Health & Fitness
All about Better Health and Fitness

Shoulder Joint Dislocation

A joint dislocation occurs when the two joint surfaces, which normally sit in intimate contact with each other, are wrenched away from each other to lie apart without any relationship. Joints have a surrounding ligamentous bag called a joint capsule and this can be typically injured as the surfaces force their way past each other. The surfaces of the joints themselves can be damaged as they hit each other on the way to becoming dislocated. Other injuries which can occur include damage to the local nerves and ligaments.

Of all joint dislocations, shoulder dislocations are the most common, making up almost half the total number of this kind of joint injury. An anterior dislocation, with the head of humerus coming off the shoulder socket to the front, is the most common form of this condition. The most usual position for the shoulder to dislocate in is when there is a force applied to the back of the arm with the arm in an outwardly rotated, extended and abducted position. Less commonly a blow to the back of the arm might do it, or a fall on the hand or just moving the arm forcefully outwards and rotating it externally.

Dislocations backwards are not common and due to force applied to the arm when it is over the body and turned inwards, with epileptic seizures and electrocution being possible causes as the big chest and back muscles pull the joint out due to spasms. The joint can also dislocate downwards if the arm is moved outwards and sideways with excessive force, levering the joint out against the part of the shoulder blade above it. This type of injury needs careful monitoring as it is more likely to be associated with other soft tissue injuries such as nerve injury, damage to the blood vessels and tears to the rotator cuff muscles.

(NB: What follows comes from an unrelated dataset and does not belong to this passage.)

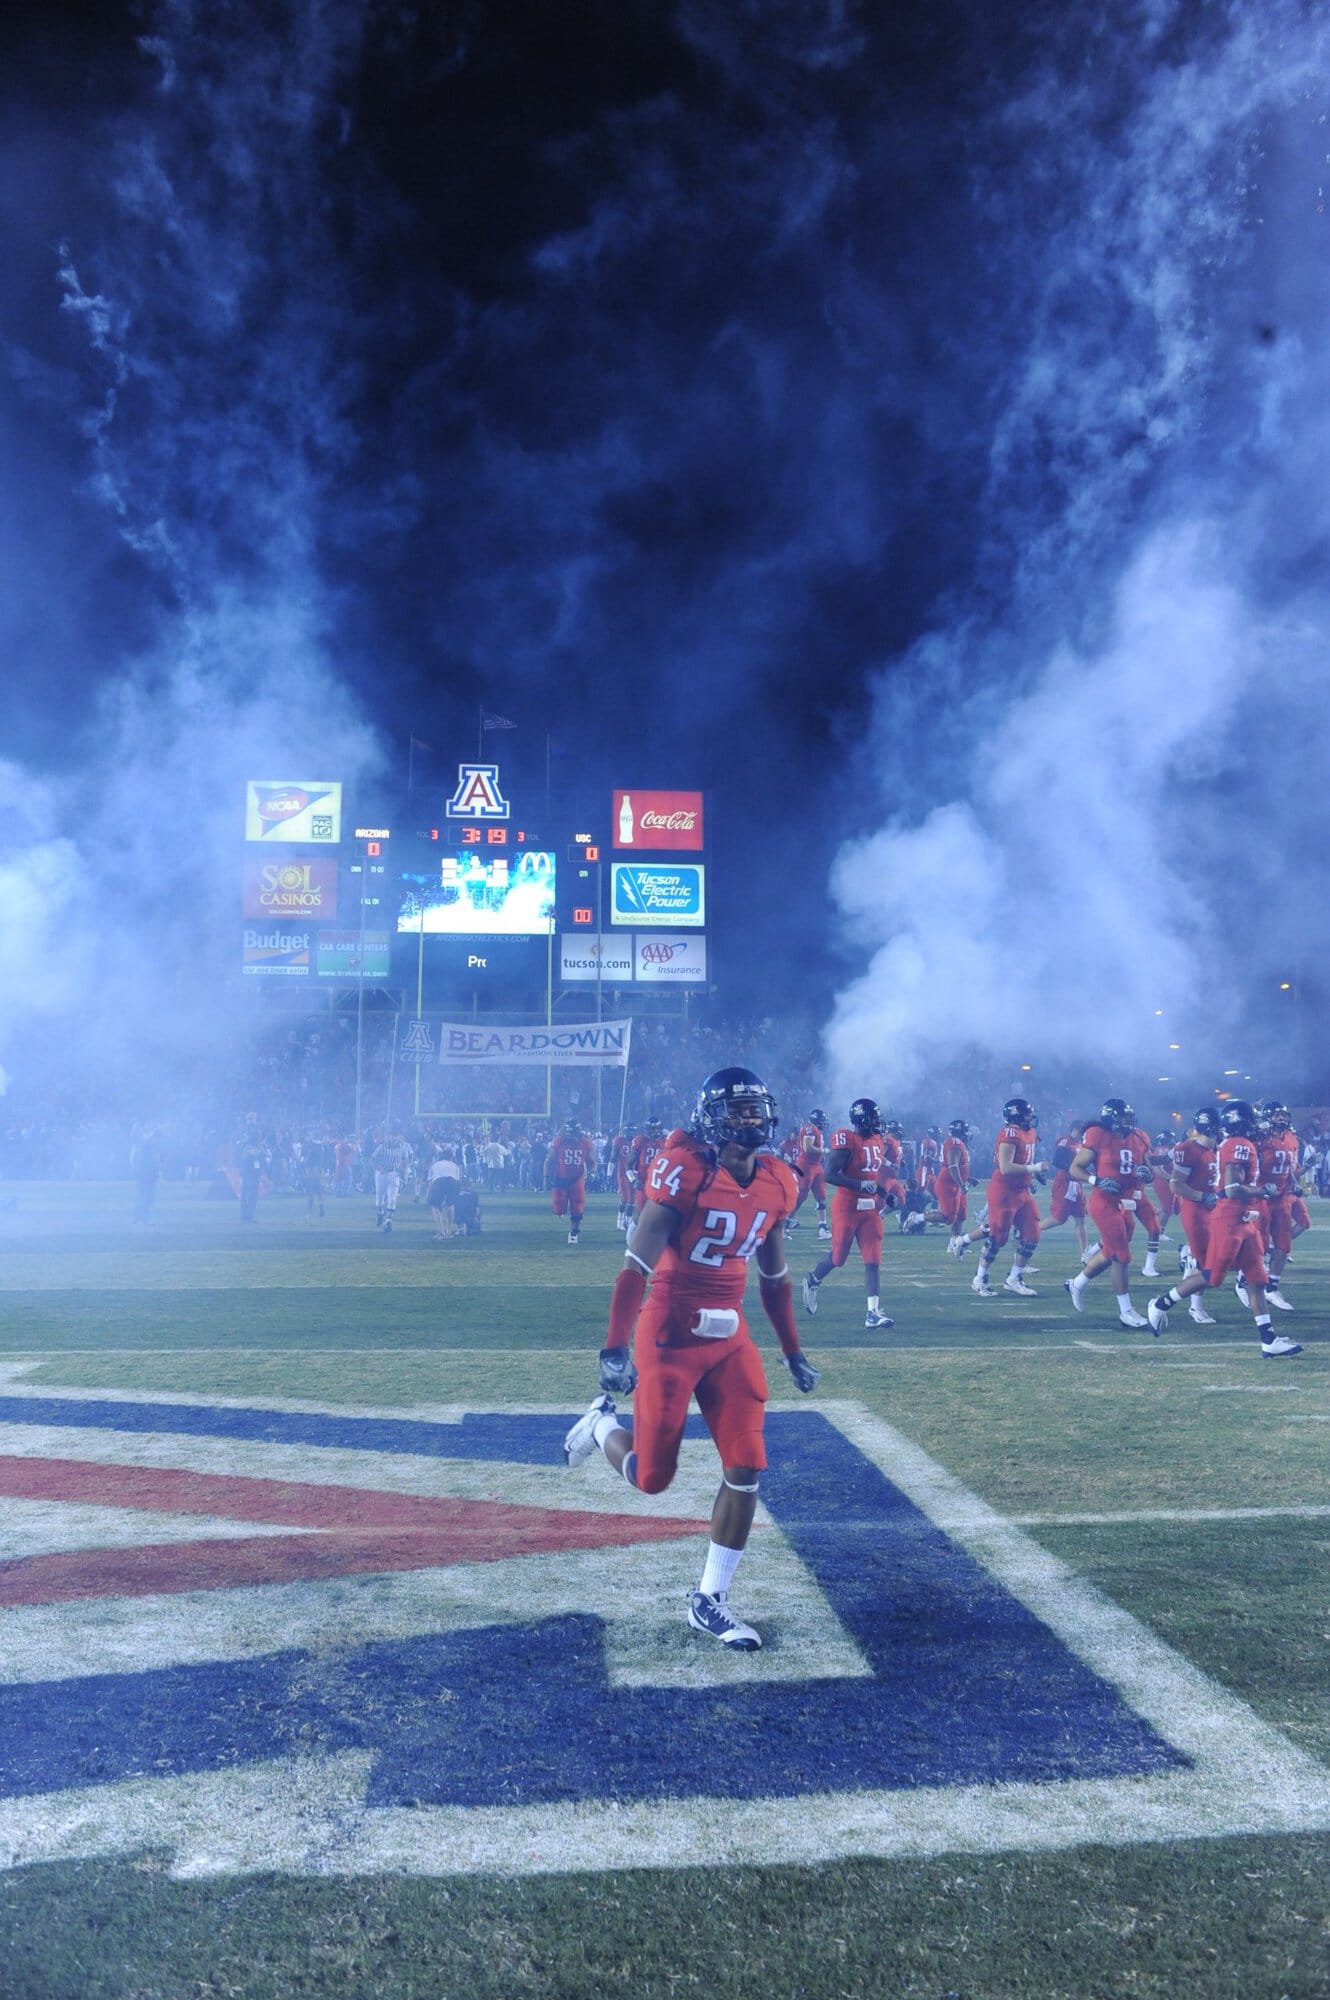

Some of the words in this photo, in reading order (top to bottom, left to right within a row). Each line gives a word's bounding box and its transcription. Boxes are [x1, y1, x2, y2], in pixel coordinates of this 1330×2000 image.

There may be no trauma in some cases of shoulder dislocation and instability of the shoulder may occur in all joint directions, typical presenting in patients who have hypermobile joints. This condition is called multidirectional instability and tends to happen in both shoulders, run in the family and be in younger people under thirty. A joint subluxation is often the start of these problems, where the joint slips partly off its partner to an amount and then clicks back into place. An ability to voluntarily dislocate the shoulder can occur, perhaps related to psychiatric difficulties in this group of people.

The presentation of anterior dislocation of the shoulder is for the patient to hold their arm rotated outwards and slightly to the side, the arm bone head easily felt at the front of the joint. The shoulder muscles may be in a powerful spasm and trying to move the shoulder results in high levels of pain. A dislocation of the shoulder posteriorly shows itself by the patient keeping the arm close to the body and turned inwards, the head of the humerus being palpable at the rear of the joint, although this condition has been misdiagnosed as frozen shoulder.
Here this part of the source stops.